Cardiovascular disease remains the leading cause of death worldwide, and stable coronary
artery disease (SCAD) accounts for the greatest proportion of cardiovascular disease. In the
past decades, percutaneous coronary intervention (PCI) has become one of the most common
treatments for SCAD, and therefore assessing the hemodynamic significance of coronary
stenosis is important for physicians to make the optimal treating strategy. Coronary CT
angiography (CTA) or invasive coronary angiography (CAG) is usually performed to evaluate the
severity of coronary stenosis depending on the probability of CAD. However, the stenosis
severity is not closely corresponding with the hemodynamic significance in coronary arteries.
As a result, fractional flow reserve (FFR) with pressure wire measurement was introduced to
functionally assess the coronary stenosis. FFR is defined as the ratio of maximum blood flow
distal to a stenotic lesion under hyperemia state to normal maximum flow in the same vessel.

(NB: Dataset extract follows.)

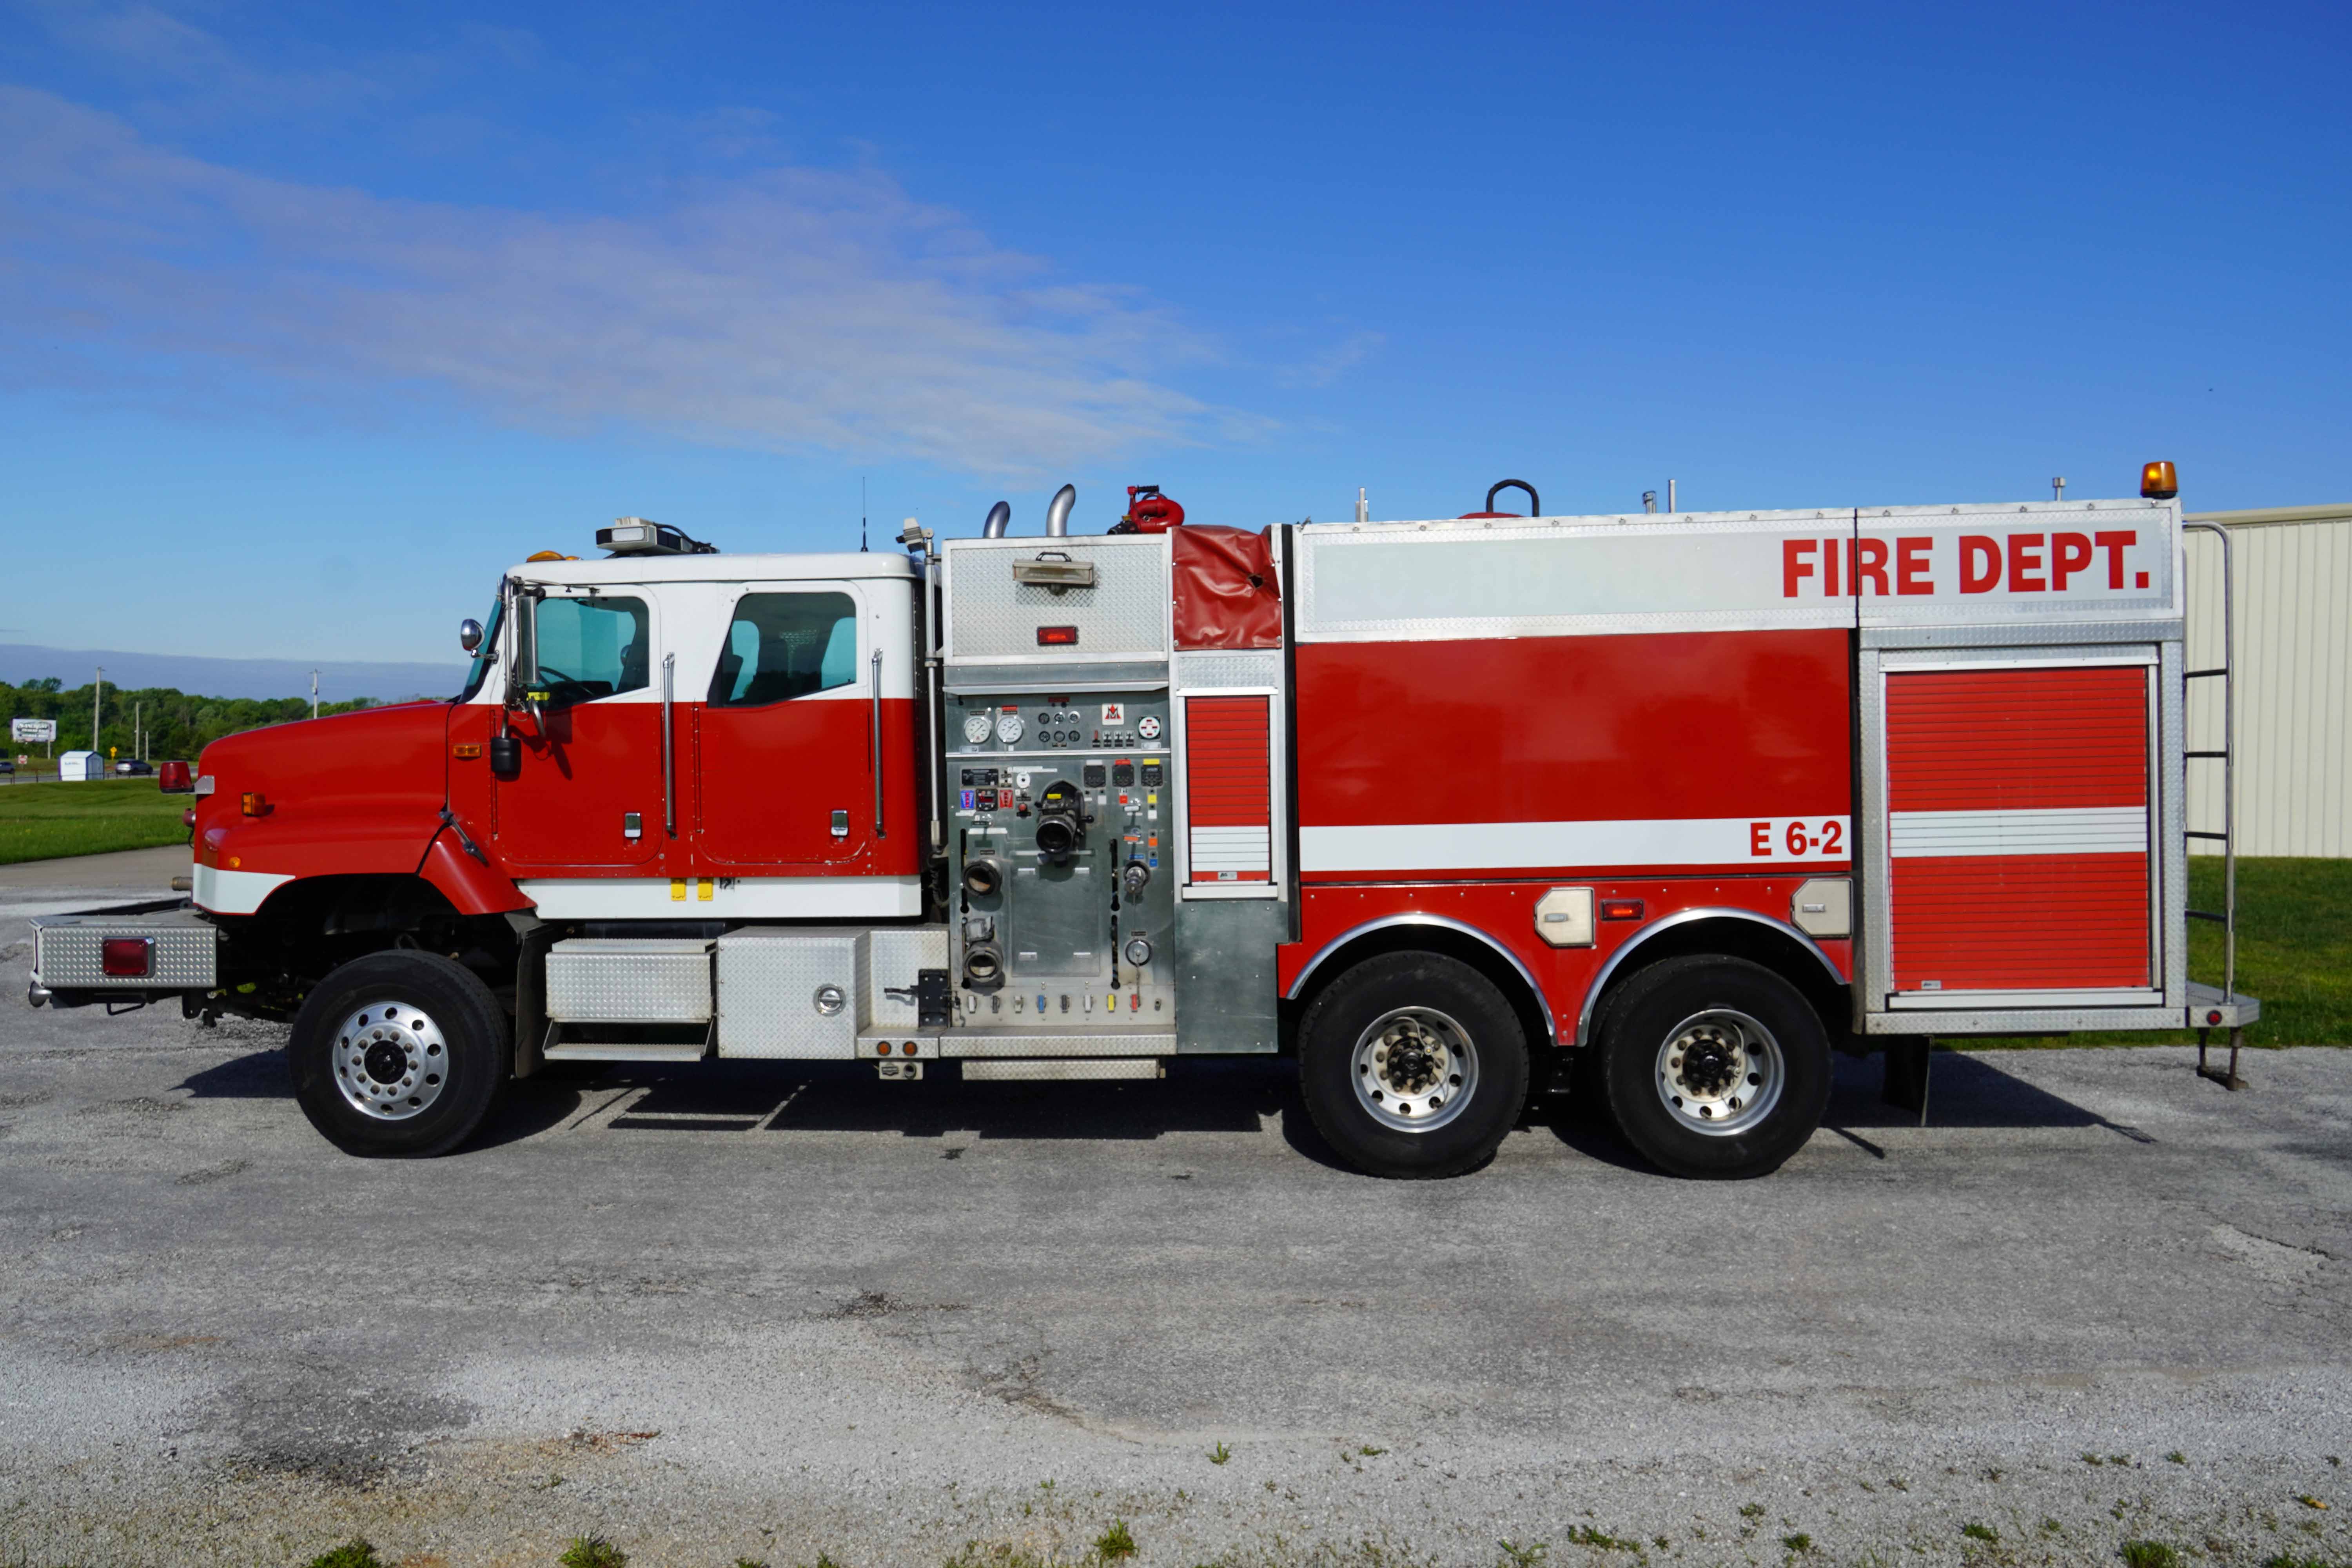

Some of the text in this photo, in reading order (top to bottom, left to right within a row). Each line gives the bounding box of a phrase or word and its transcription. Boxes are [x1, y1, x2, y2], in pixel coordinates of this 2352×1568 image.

[1783, 530, 2149, 597] FIRE DEPT.
[1750, 820, 1842, 857] E 6-2

The cutoff value of FFR to detect significant ischemia is set to be 0.80, indicating that PCI
should be considered if FFR≤0.80. FAME (Fractional Flow Reserve versus Angiography for
Multivessel Evaluation) study confirmed that FFR guided PCI was superior to angiography
guided PCI in reducing major adverse cardiovascular events (MACE) in patients with
multivessel disease. In the subsequent FAME 2 study, FFR guided PCI plus the optimal medical
treatment (OMT), as compared with the OMT alone, decreased the composite event rates mainly
driven by urgent revascularization in SCAD patients. However, FFR does have some limitations,
such as risks of pressure wire injury, extra time and cost, and side effects of hyperemic
agents.
To overcome the limitations of FFR, CTA- and CAG-based methods to functionally assess
coronary stenosis were proposed, i.e. FFR derived from CTA (FFRCT) and FFR derived from
angiography-based quantitative flow ratio (QFR), which can simultaneously evaluate anatomic
and hemodynamic significance of stenotic lesions. A number of studies have demonstrated that
FFRCT has high sensitivity and specificity in identifying myocardial ischemia. However, the
diagnostic accuracy of FFRCT depends on the image quality of coronary CTA, and it is
relatively low in lesions with severe calcification and/or tortuosity. Besides, the
methodology of FFRCT relies on computational fluid dynamics, which is complicated and time
consuming. As for QFR, it is a novel method for deriving FFR based on 3-dimensional
quantitative coronary angiography (3D-QCA) and contrast frame counting during CAG. Recent
studies have shown that QFR has good diagnostic performance in evaluating the functional
significance of coronary stenosis. The accuracy of QFR is also highly associated with
anatomic information, thereby its diagnostic accuracy may be decreased in diffuse, tandem,
thrombus-containing, calcified, or torturous lesions, and it is not suitable for prior
infarction-related or collateral donor arteries as well. Given the above issues concerning
FFRCT and QFR, we proposed a novel approach that integrates coronary CTA and CAG images to
calculate FFR (FFRCT-angio) using artificial intelligence. The present study was undertaken
to test the diagnostic accuracy of FFRCT-angio in patients with SCAD.